--- What is being asked ---
All entries below are to be returned exactly, with pictures left out.

=== Data for analysis ===

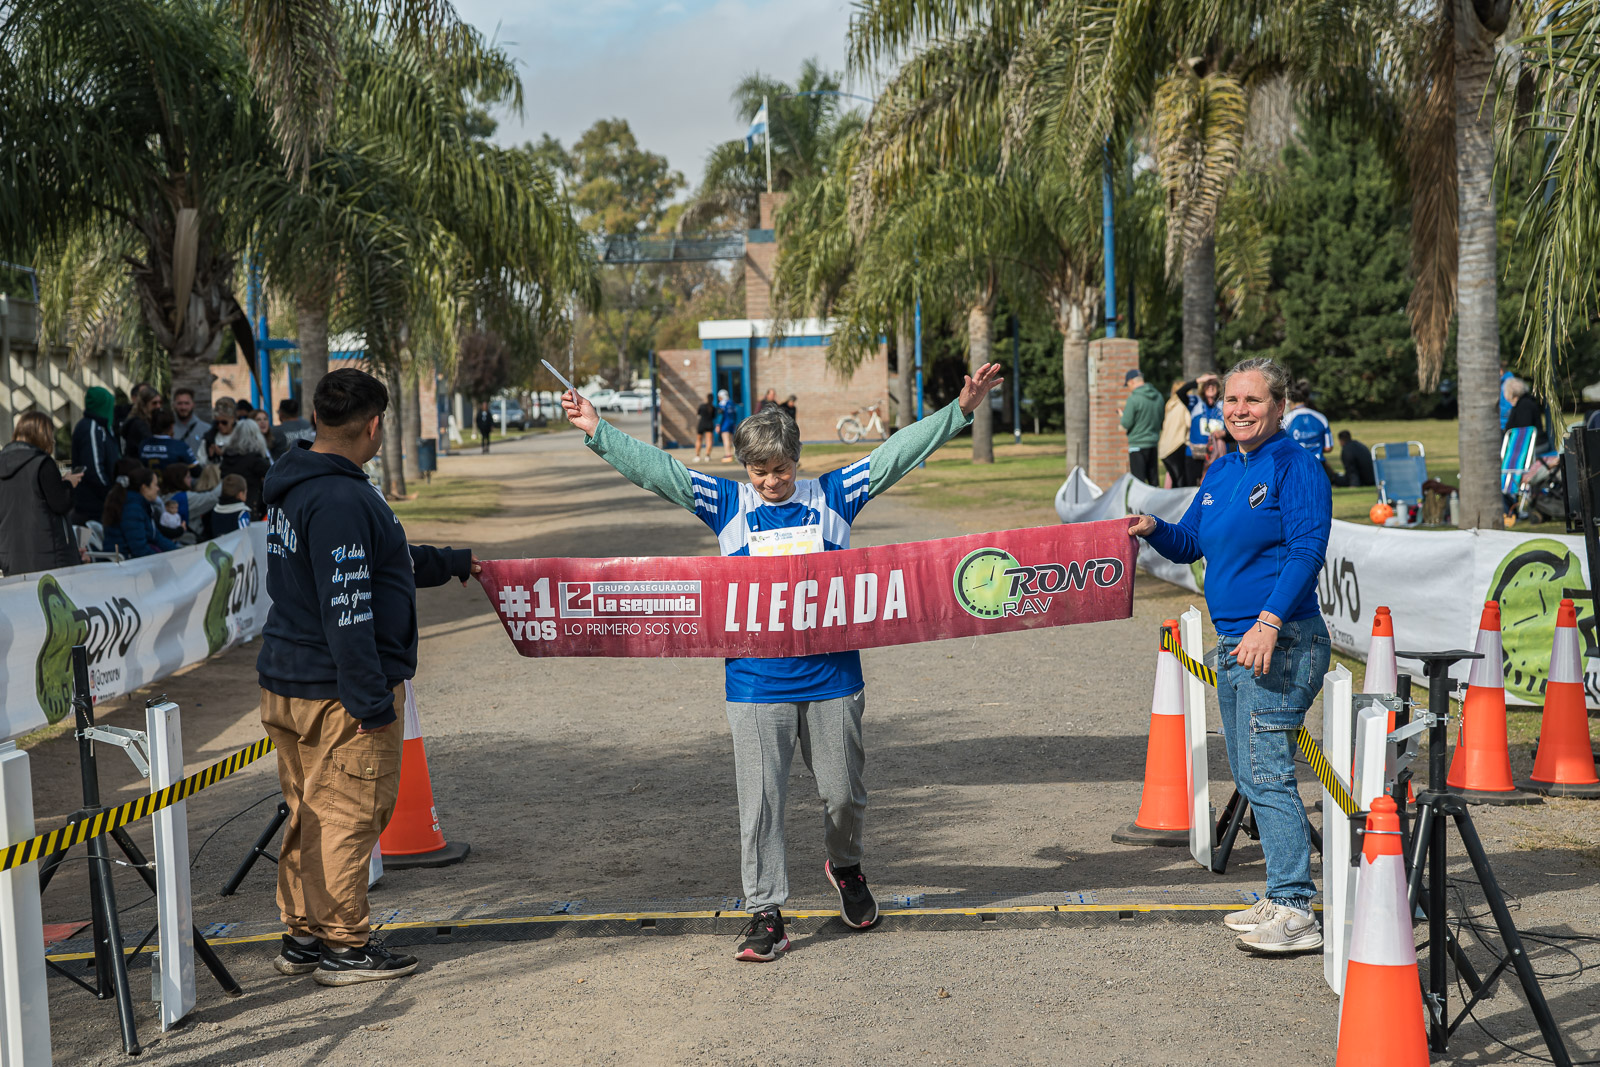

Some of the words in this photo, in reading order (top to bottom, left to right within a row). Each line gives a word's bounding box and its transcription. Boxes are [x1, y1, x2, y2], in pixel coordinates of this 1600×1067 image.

[332, 546, 347, 563] El
[597, 584, 631, 592] GRUPO
[633, 584, 696, 592] ASEGURADOR
[331, 592, 349, 607] más
[498, 577, 556, 618] #1
[620, 596, 696, 615] segunda
[725, 569, 908, 632] LLEGADA
[1002, 596, 1053, 618] RAV
[338, 610, 352, 627] del
[507, 620, 557, 641] VOS
[564, 623, 583, 635] LO
[587, 623, 642, 635] PRIMERO
[645, 622, 670, 635] SOS
[672, 622, 698, 635] VOS

===

--- The completed task ---
Some of the words in this photo, in reading order (top to bottom, left to right within a row). Each line gives a word's bounding box and its transcription. Boxes are [x1, y1, x2, y2], in pixel coordinates of this 1600×1067 image.

[332, 546, 347, 563] El
[597, 584, 631, 592] GRUPO
[633, 584, 696, 592] ASEGURADOR
[331, 592, 349, 607] más
[498, 577, 556, 618] #1
[620, 596, 696, 615] segunda
[725, 569, 908, 632] LLEGADA
[1002, 596, 1053, 618] RAV
[338, 610, 352, 627] del
[507, 620, 557, 641] VOS
[564, 623, 583, 635] LO
[587, 623, 642, 635] PRIMERO
[645, 622, 670, 635] SOS
[672, 622, 698, 635] VOS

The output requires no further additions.